Disruption of the blood-brain barrier contributes to neurobehavioral changes observed in rheumatic heart disease.

Abstract

Sydenham chorea (SC) is the neurological manifestation associated with acute rheumatic fever (ARF). ARF and rheumatic heart disease (RHD) are autoimmune complications triggered by a group A streptococcal (GAS) infection. In ARF/RHD and SC, tissue cross-reactive antibodies and T-cells generated against GAS antigens have been implicated in the pathogenesis. In SC, antibodies against GAS antigens are known to cross-react with neuronal proteins causing neurological manifestations including choreiform movements and neuropsychiatric symptoms such as irritability, attention deficit, and obsessive-compulsive disorder. Previous studies in a rat autoimmune valvulitis (RAV) model of RHD, have shown that injection of streptococcal M protein could cause both cardiac and neurological symptoms.

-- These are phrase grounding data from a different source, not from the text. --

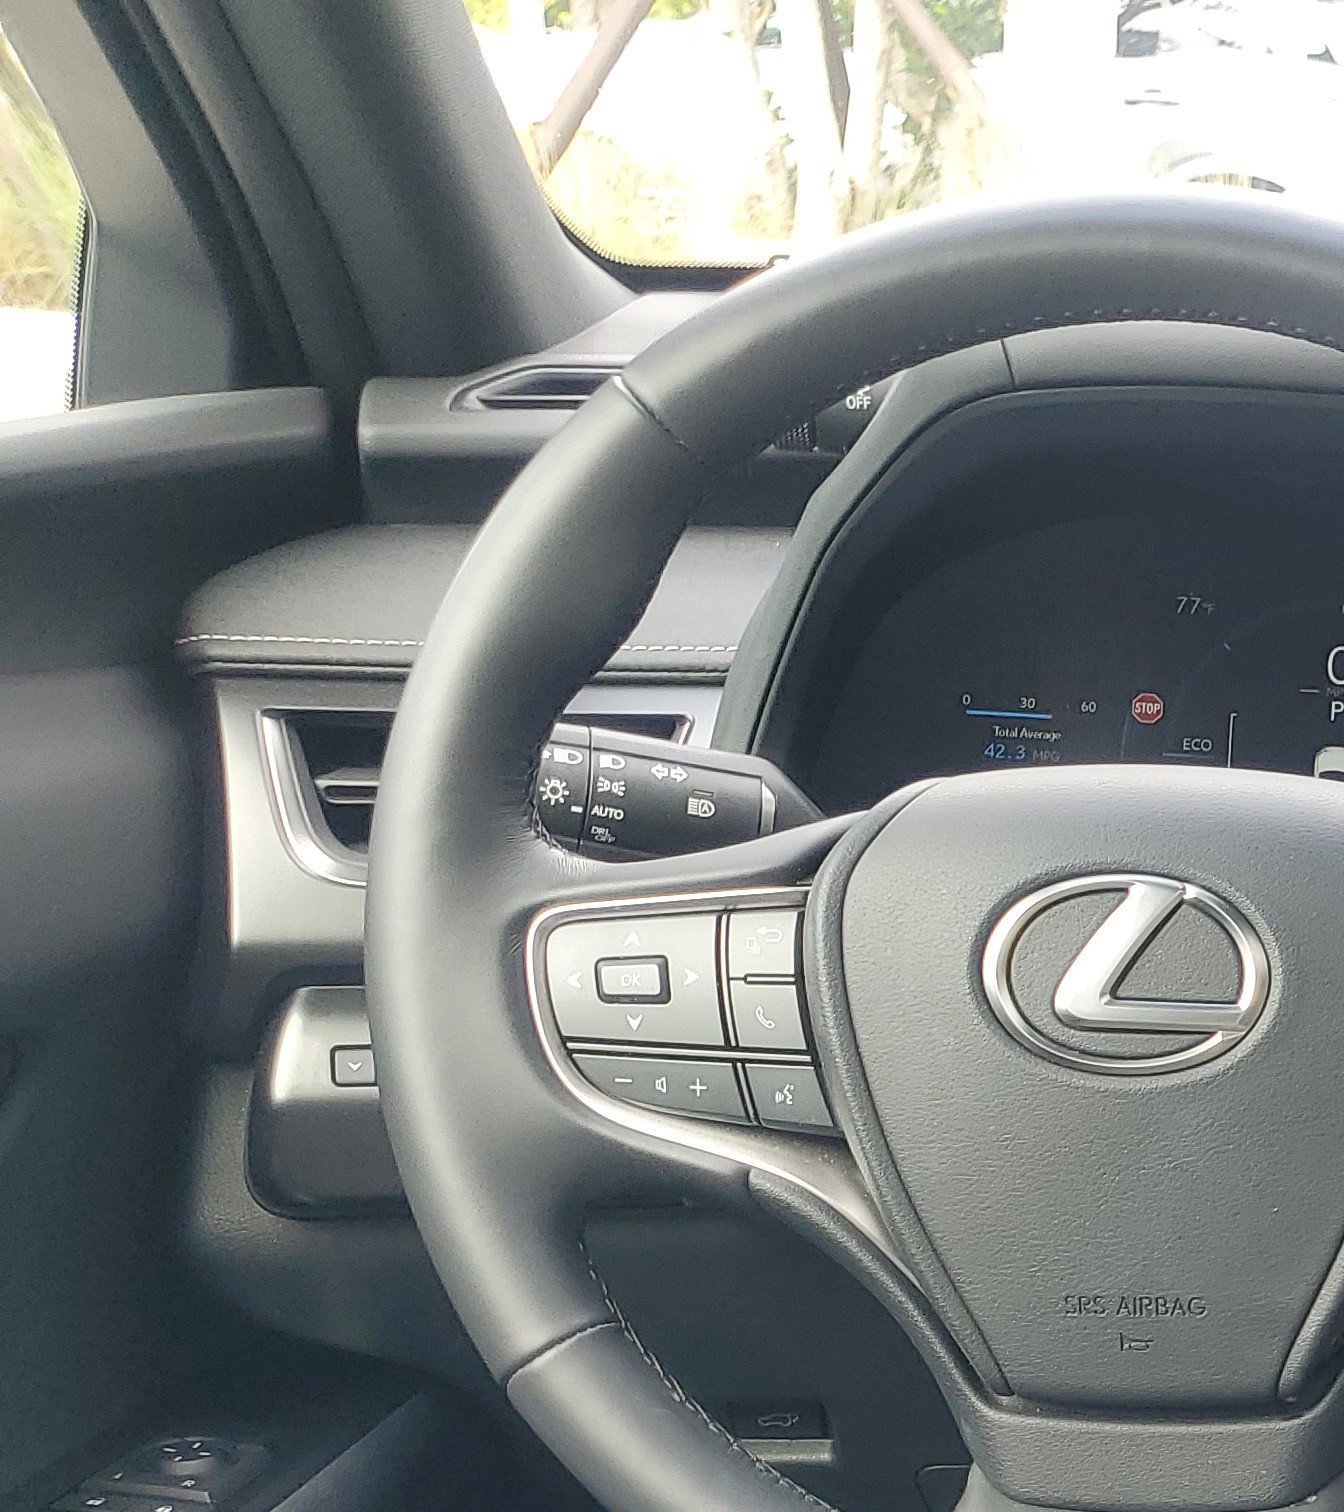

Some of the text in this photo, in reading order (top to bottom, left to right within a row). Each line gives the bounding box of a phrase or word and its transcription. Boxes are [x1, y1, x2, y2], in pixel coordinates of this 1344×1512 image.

[845, 396, 872, 410] OFF
[962, 693, 1097, 713] 0 30 60
[1134, 701, 1161, 716] STOP
[1330, 700, 1344, 722] P
[992, 725, 1062, 743] Total Average
[983, 743, 1060, 762] 42.3 MPG
[1183, 737, 1212, 752] ECO
[590, 804, 625, 821] AUTO
[590, 825, 609, 836] DRL
[619, 972, 642, 988] OK
[1064, 1294, 1209, 1319] SRS AIRBAG
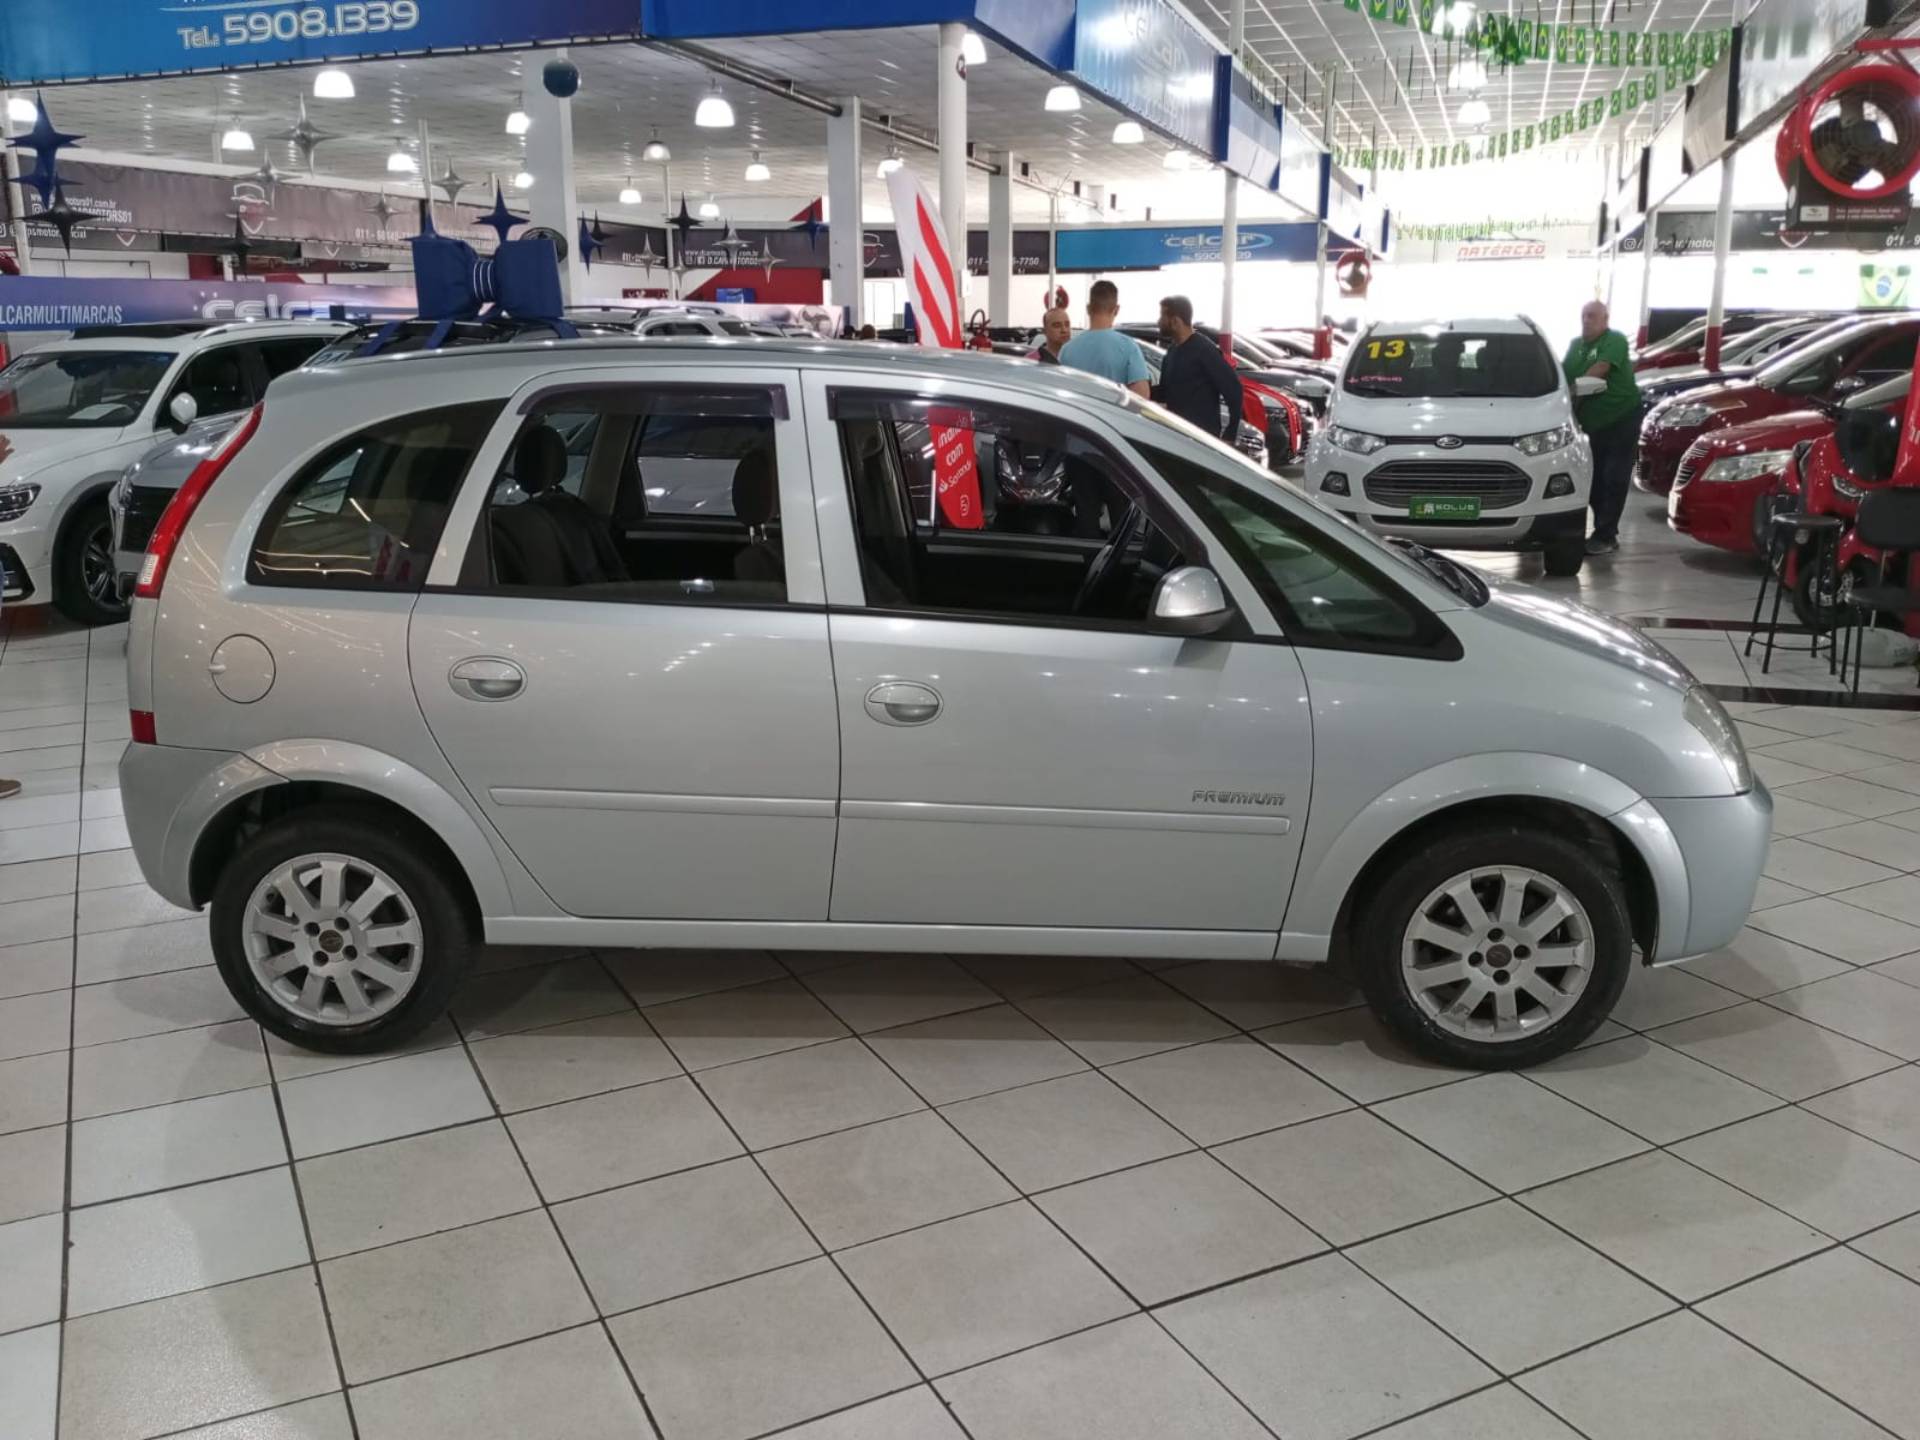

In this study it was shown that adoptive transfer of serum with anti-GAS M antibodies to naive rats caused carditis but failed to demonstrate neurobehavioral symptoms. However, when the blood-brain barrier (BBB) was disrupted using lipopolysaccharide, all animals that received anti-GAS M protein antibodies, developed neurobehavioral defects in addition to carditis. This highlights that impaired BBB integrity is essential for the development of neurobehavioral symptoms. The use of the RAV model and the disruption of BBB required for the development of neurobehavioral changes provides a platform to further investigate the mechanisms that lead to antibodies binding to basal ganglia structures that cause SC.